Aaron throws his staff down before Pharaoh, and it becomes a snake.
Pharaoh’s magicians throw their staffs down, too, and they also become snakes.
Aaron’s snake swallows the magicians’ snakes, but Pharaoh still doesn’t yield.
Pharaoh is on the Nile the next morning. Moses calls to him from the shore.
Aaron strikes the Nile with his staff, and the water turns to blood. All the fish die, and the stink of it fills Egypt.
The Egyptian magicians reproduce this as well, and Pharaoh still does not yield.
Jesus in This Chapter:
Here is the start of the 10 plagues God will bring on Egypt. Each one is a symbolic affront to a god or goddess in the Egyptian pantheon. The message: God is the only God. He’s an exclusive God. That’s why there’s only one way to Him — Jesus.

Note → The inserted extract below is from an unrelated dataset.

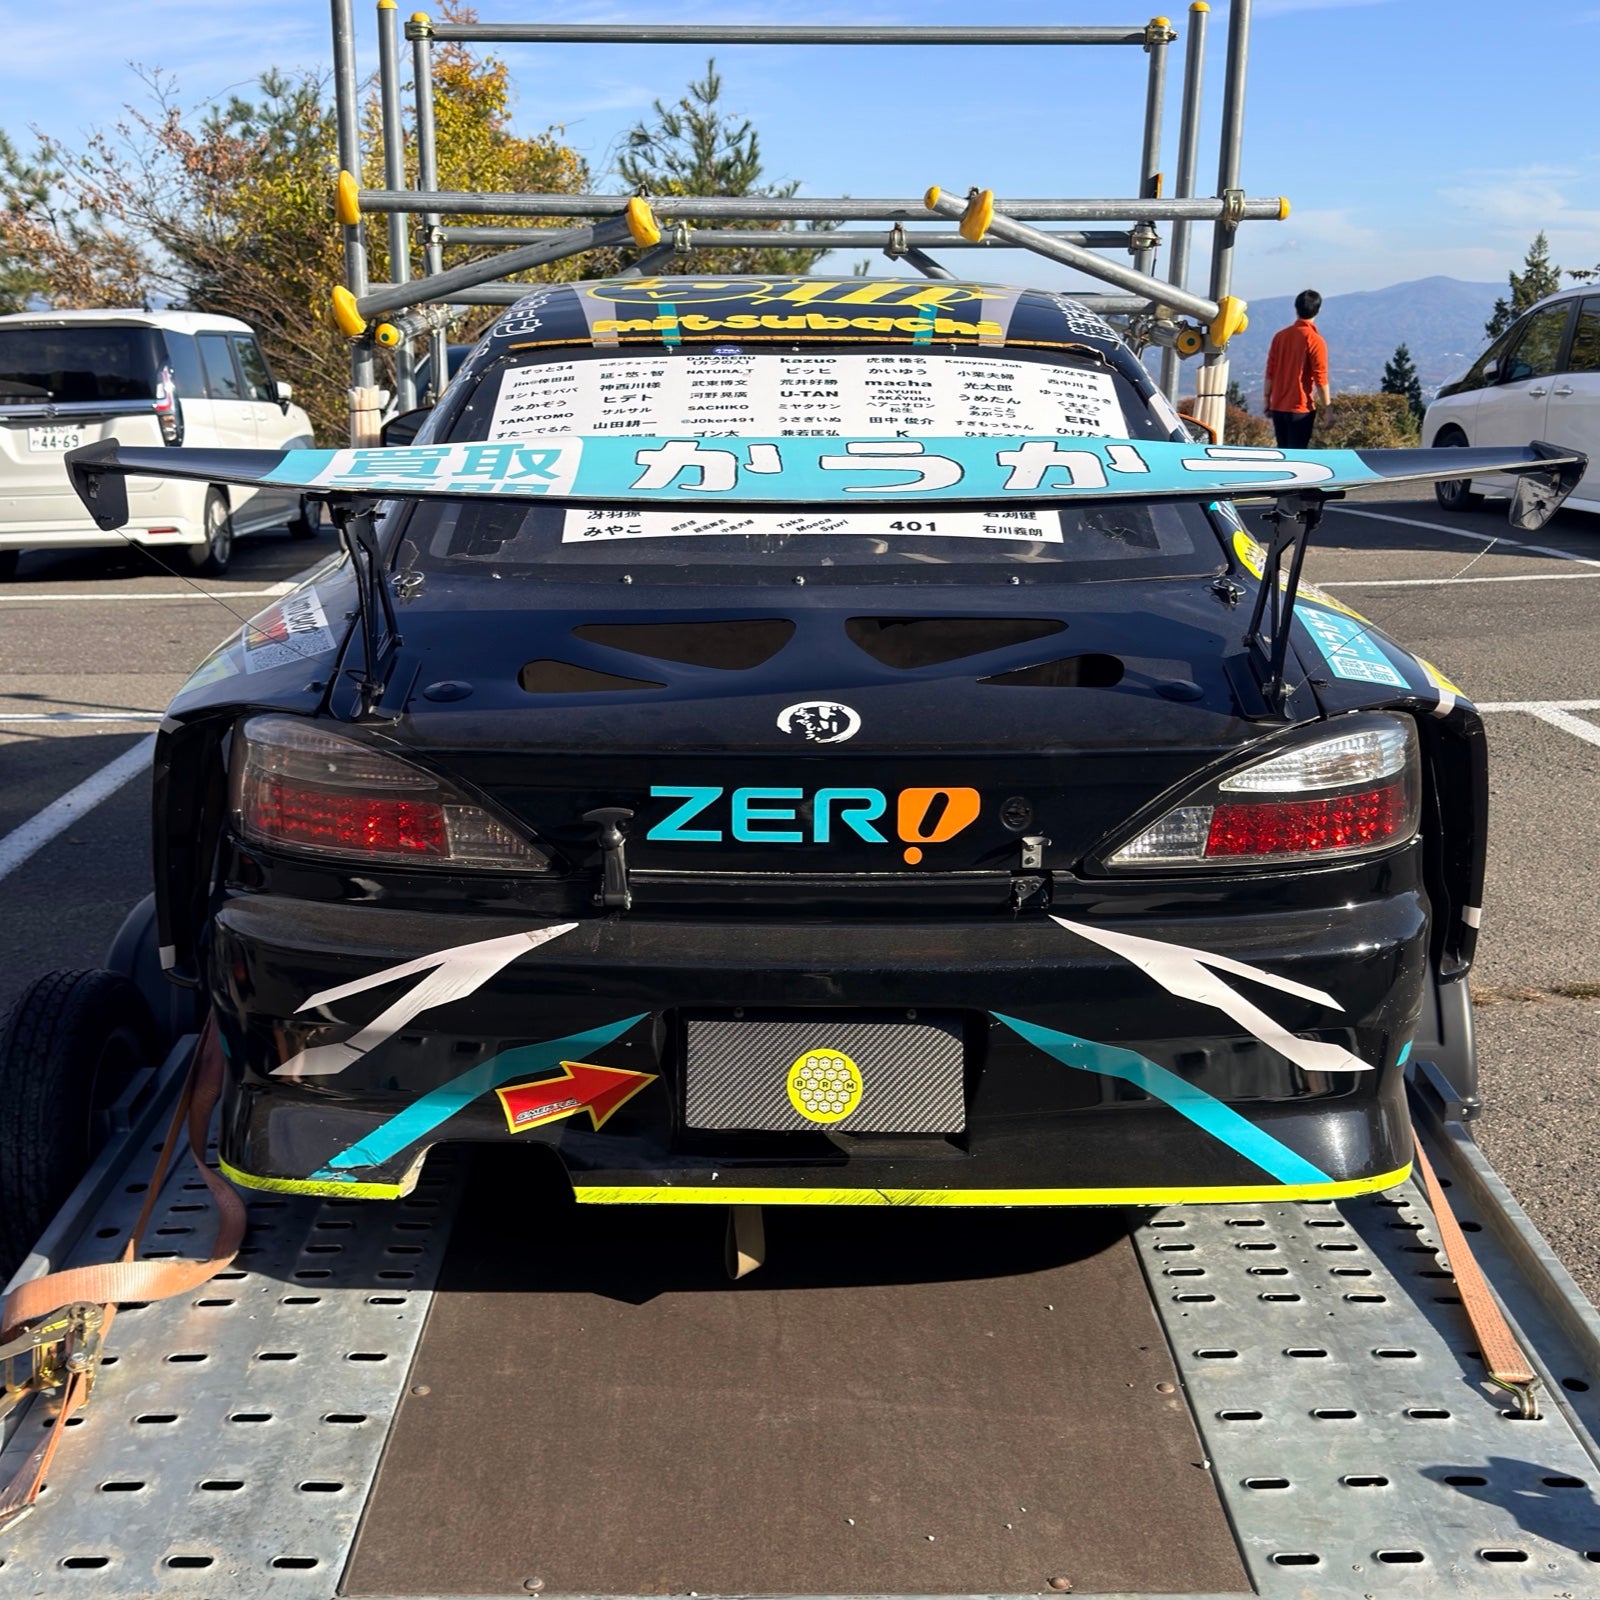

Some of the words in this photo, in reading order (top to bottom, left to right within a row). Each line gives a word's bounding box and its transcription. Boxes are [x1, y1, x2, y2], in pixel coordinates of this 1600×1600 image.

Aaron’s snake swallowing the other snakes isn’t counted as one of the 10 plagues, but it carries the same message. The cobra was a symbol of Pharaoh’s sovereignty, but Aaron’s snake swallowed Pharaoh’s snakes anyway. Sin claims sovereignty over our hearts and death claim sovereignty over our lives, but Christ’s blood swallows up both.
The Nile becoming blood was an affront to Hapy, the God of the Nile floods. The Nile was a source of national identity to the Egyptians, and it was what they looked to for life in the desert. But God filled it with death, showing that turning to Hapy or to anything other than Him will lead only to death. True living water is found only in Jesus.